Se mostró afable y comprensivo conmigo. Me habló de Lutero con exaltada devoción, con afecto filial. Habló del Lutero reformador y del Lutero exclaustrado, fiel esposo y padre amantísimo. Se interesó por los grupos luteranos españoles y me transmitió un saludo para ellos. Luego se sometió sumisamente a mi interrogatorio, un largo interrogatorio que arrancó de la Guerra de las hogueras en 1521, y terminó con la derrota del Emperador en Innsbruck y la división de Europa en dos bandos: católicos y protestantes.

– Y ¿no le habló a vuesa merced de su actuación personal?
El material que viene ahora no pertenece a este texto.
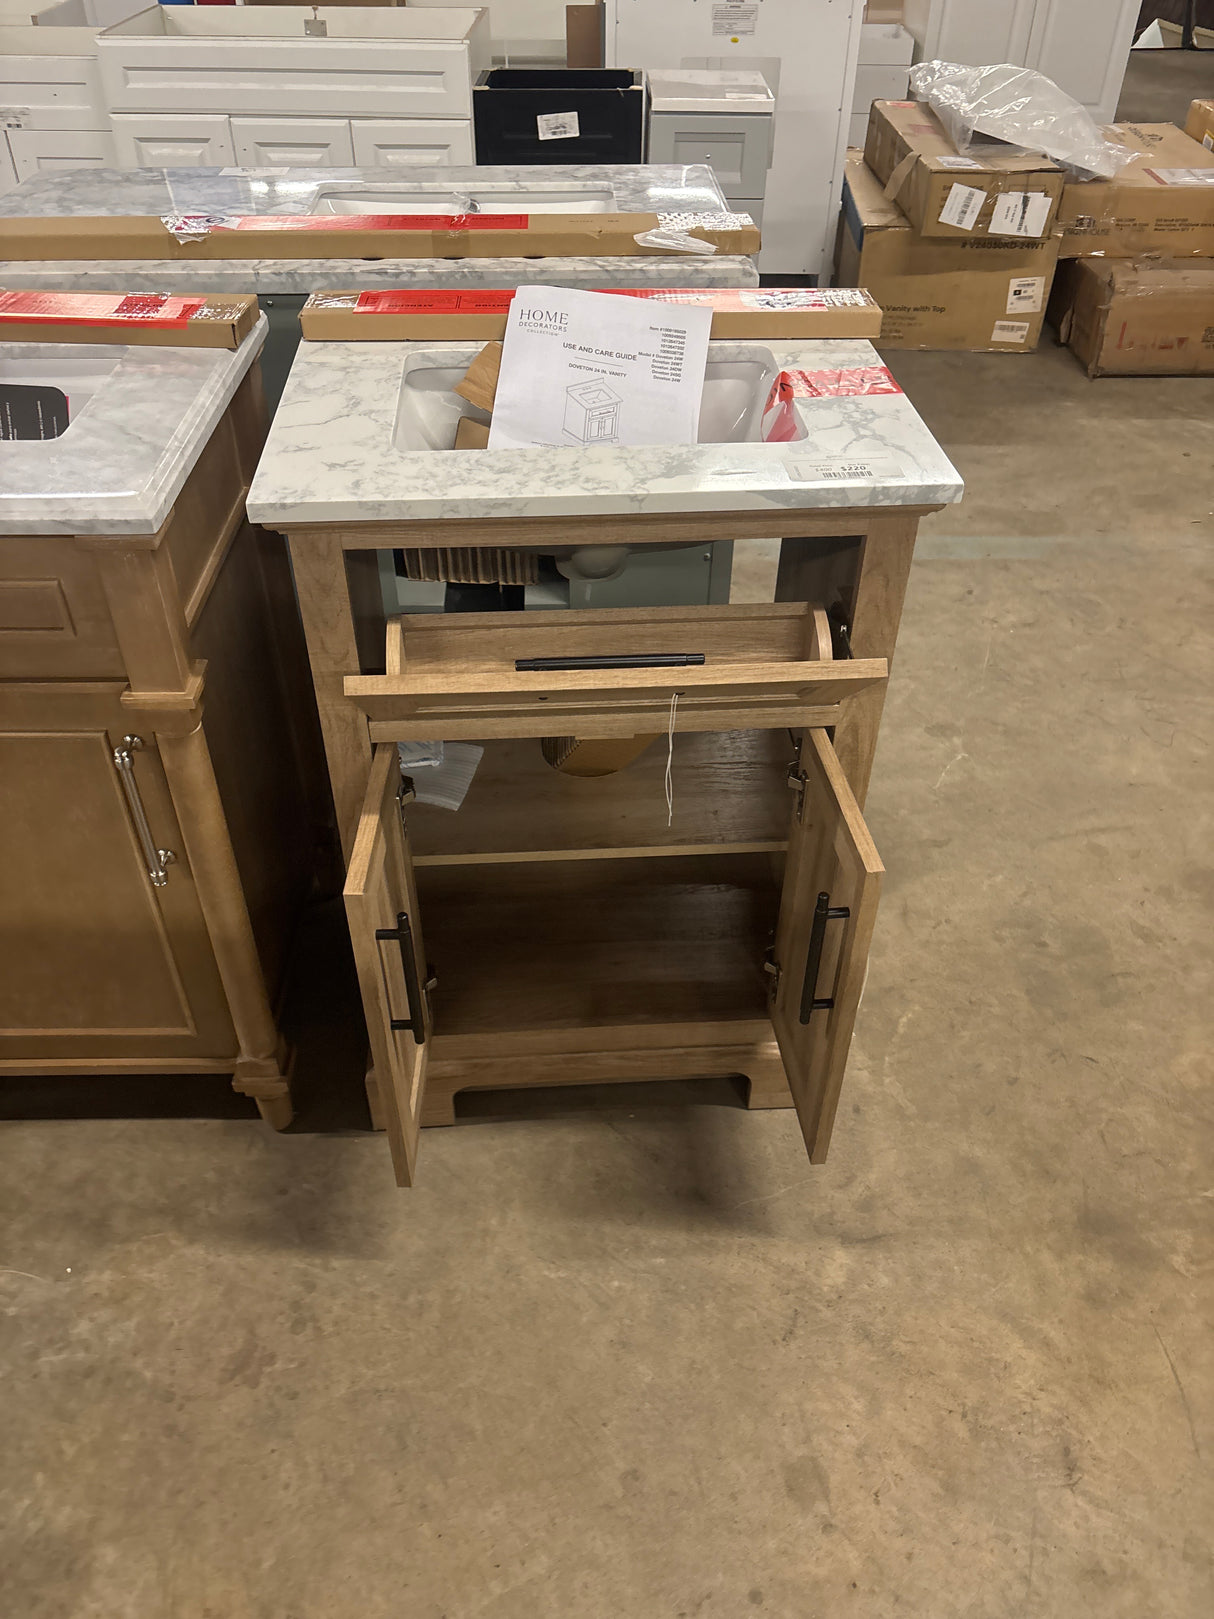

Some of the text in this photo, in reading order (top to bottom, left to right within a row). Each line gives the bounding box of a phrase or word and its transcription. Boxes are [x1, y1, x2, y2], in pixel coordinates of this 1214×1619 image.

– Naturalmente. Melanchton reconoció que él mismo alentó a los estudiantes de Wittenberg a quemar la bula papal y aludió luego a sus posteriores diferencias con Lutero en las dietas de Worms y de Spira que, en el fondo, no sirvieron más que para acrecentar la tensión entre ambos bandos. Melanchton se mostró en aquellos momentos humanista y conciliador, pero Lutero desaprobó su postura. Según me dijo expresamente, con un punto de añoranza, Roma y la Reforma estuvieron a punto de entenderse incluso en aspectos muy delicados como el del matrimonio de los clérigos y la comunión en las dos especies, pero ni Lutero ni los príncipes aceptaron tales propuestas.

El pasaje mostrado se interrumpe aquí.